* **Listed entries**:
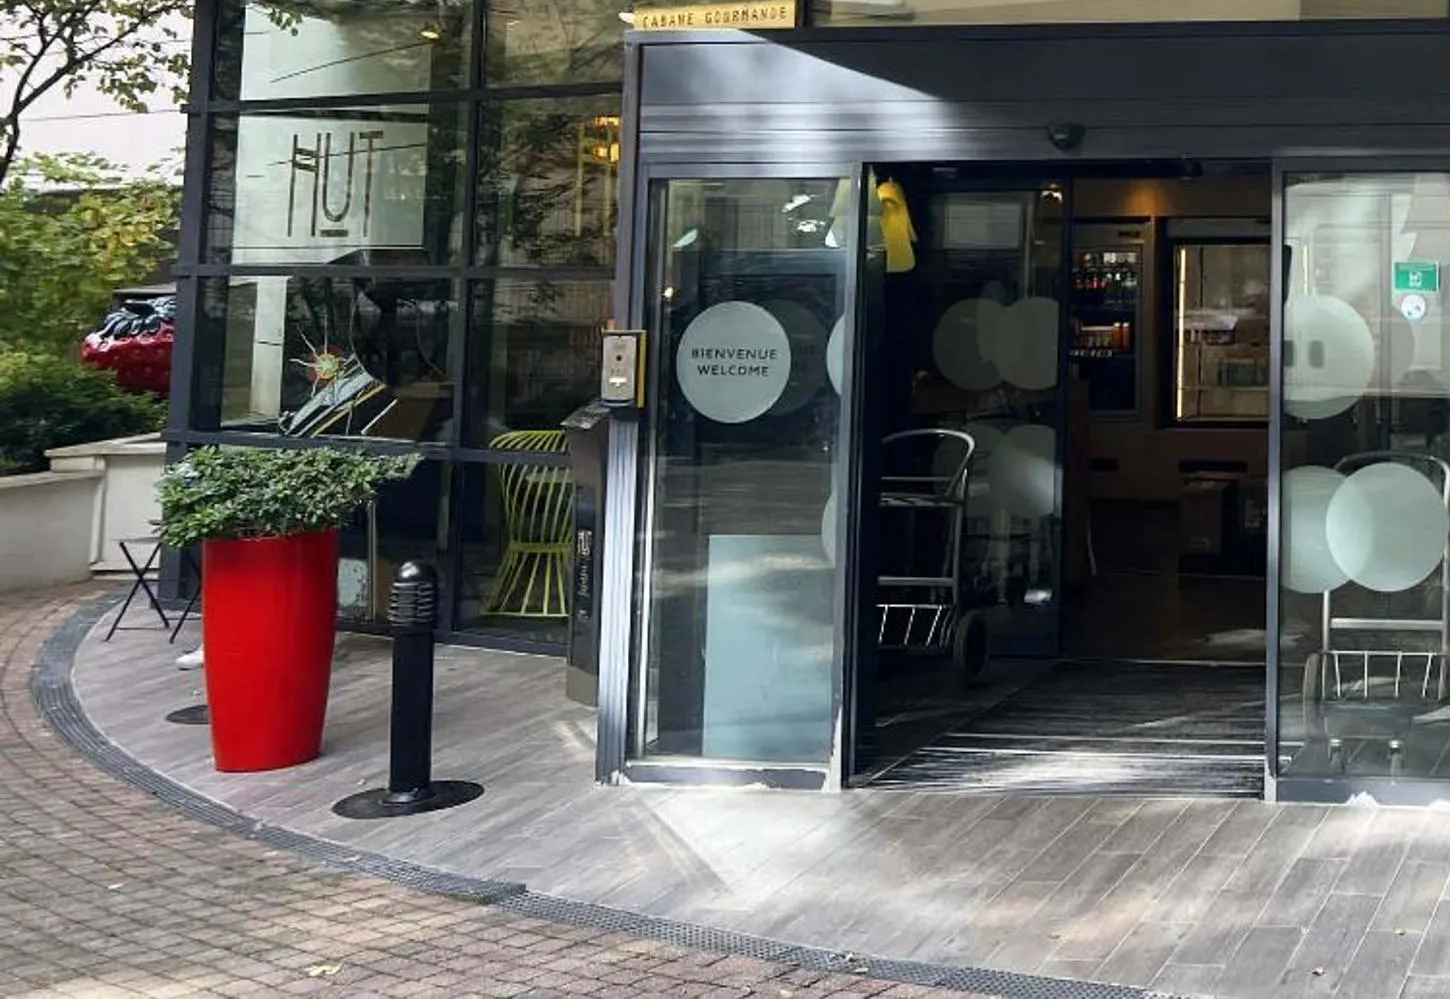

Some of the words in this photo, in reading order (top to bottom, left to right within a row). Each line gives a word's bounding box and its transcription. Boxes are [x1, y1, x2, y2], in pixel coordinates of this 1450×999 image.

[705, 6, 788, 24] GOURMANDE
[288, 130, 384, 237] HUT
[691, 348, 778, 360] BIENVENUE
[697, 364, 769, 376] WELCOME
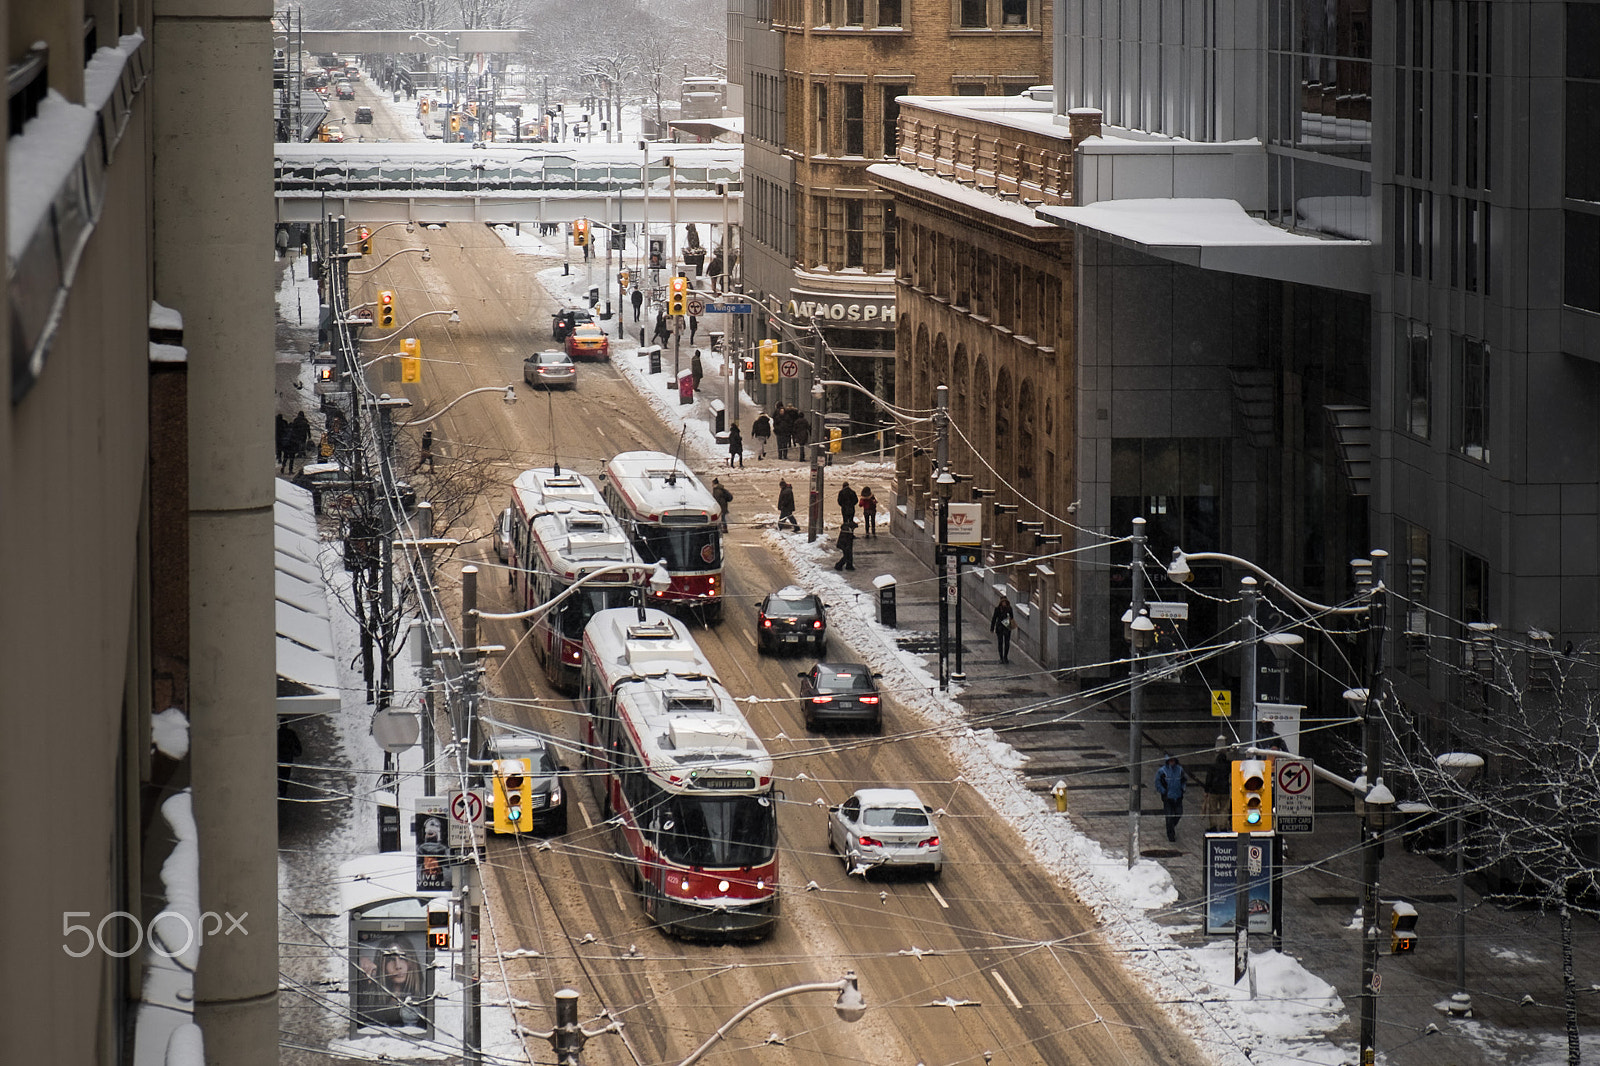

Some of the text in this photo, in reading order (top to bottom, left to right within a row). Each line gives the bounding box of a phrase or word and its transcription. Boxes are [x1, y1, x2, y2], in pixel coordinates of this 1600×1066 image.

[713, 303, 736, 314] Yonge
[1214, 846, 1231, 855] Your
[1214, 869, 1232, 877] best
[436, 933, 446, 945] 13
[1400, 937, 1410, 950] 13
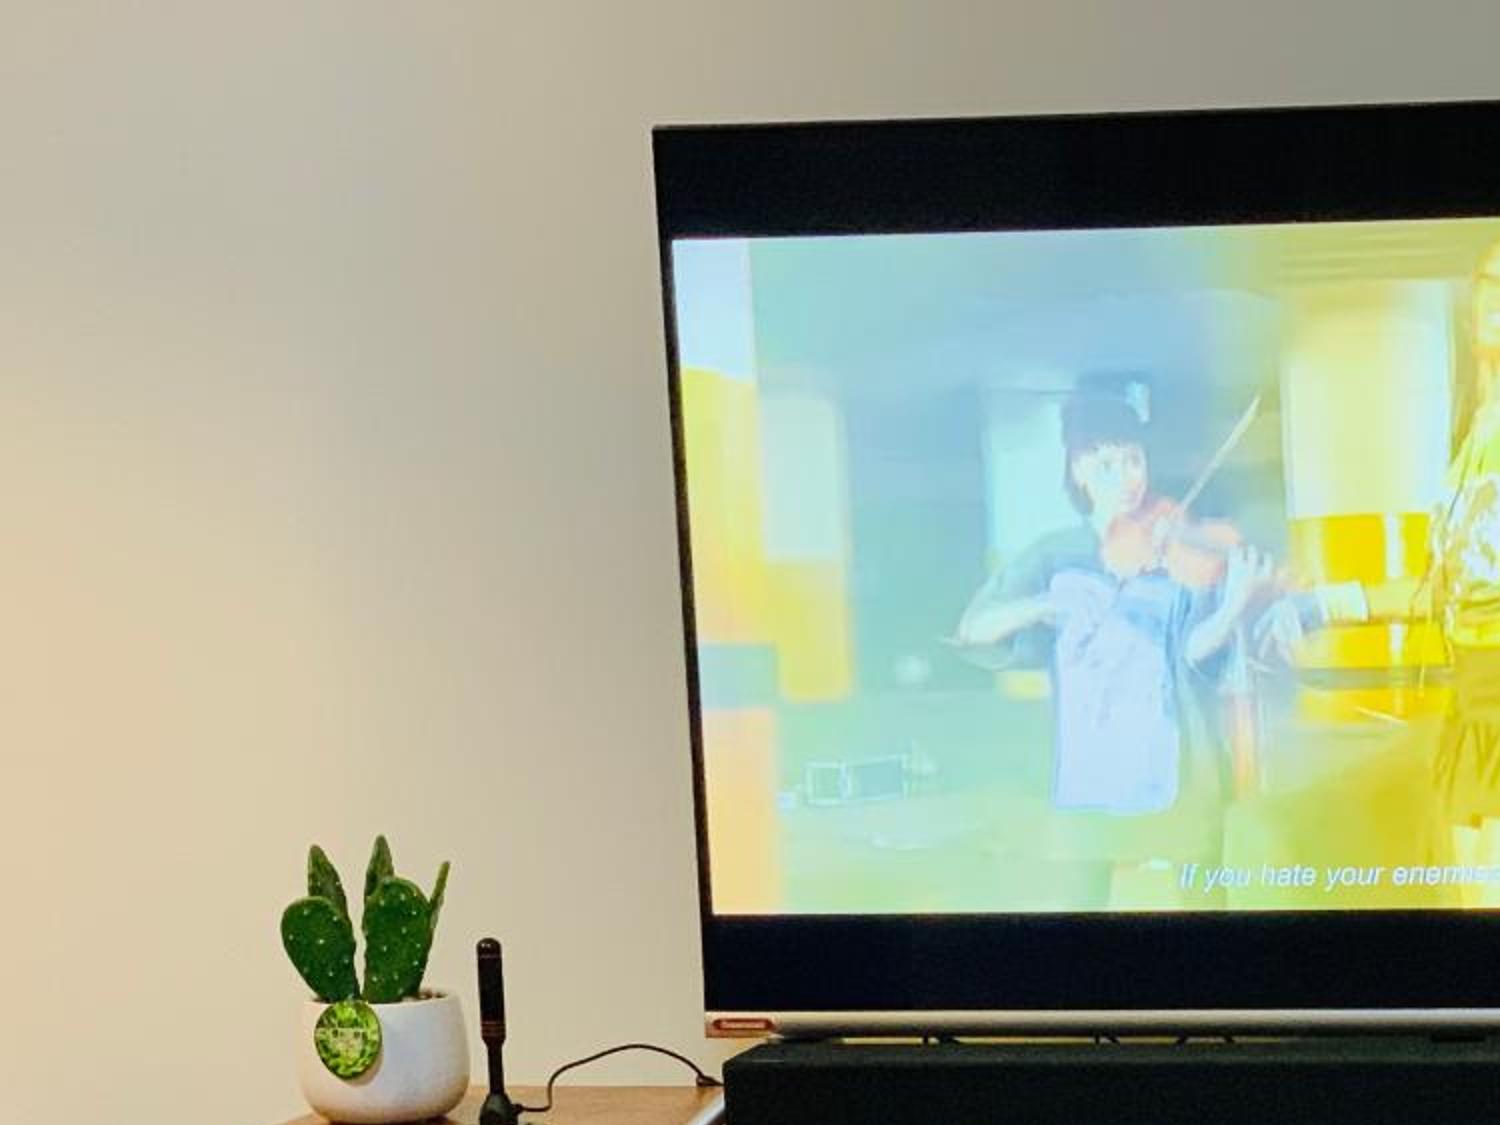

* **Activity**: Print the data again, word for word, without any pictures.

* **Task response**:
Some of the words in this photo, in reading order (top to bottom, left to right within a row). Each line gives a word's bounding box and its transcription. Boxes are [x1, y1, x2, y2], in pixel coordinates of this 1450×999 image.

[705, 6, 788, 24] GOURMANDE
[288, 130, 384, 237] HUT
[691, 348, 778, 360] BIENVENUE
[697, 364, 769, 376] WELCOME

Some of the text in this photo, in reading order (top to bottom, left to right within a row). Each line gives the bounding box of a phrase or word and its transcription. Boxes are [x1, y1, x2, y2], in pixel coordinates of this 1600×1066 image.

[713, 303, 736, 314] Yonge
[1214, 846, 1231, 855] Your
[1214, 869, 1232, 877] best
[436, 933, 446, 945] 13
[1400, 937, 1410, 950] 13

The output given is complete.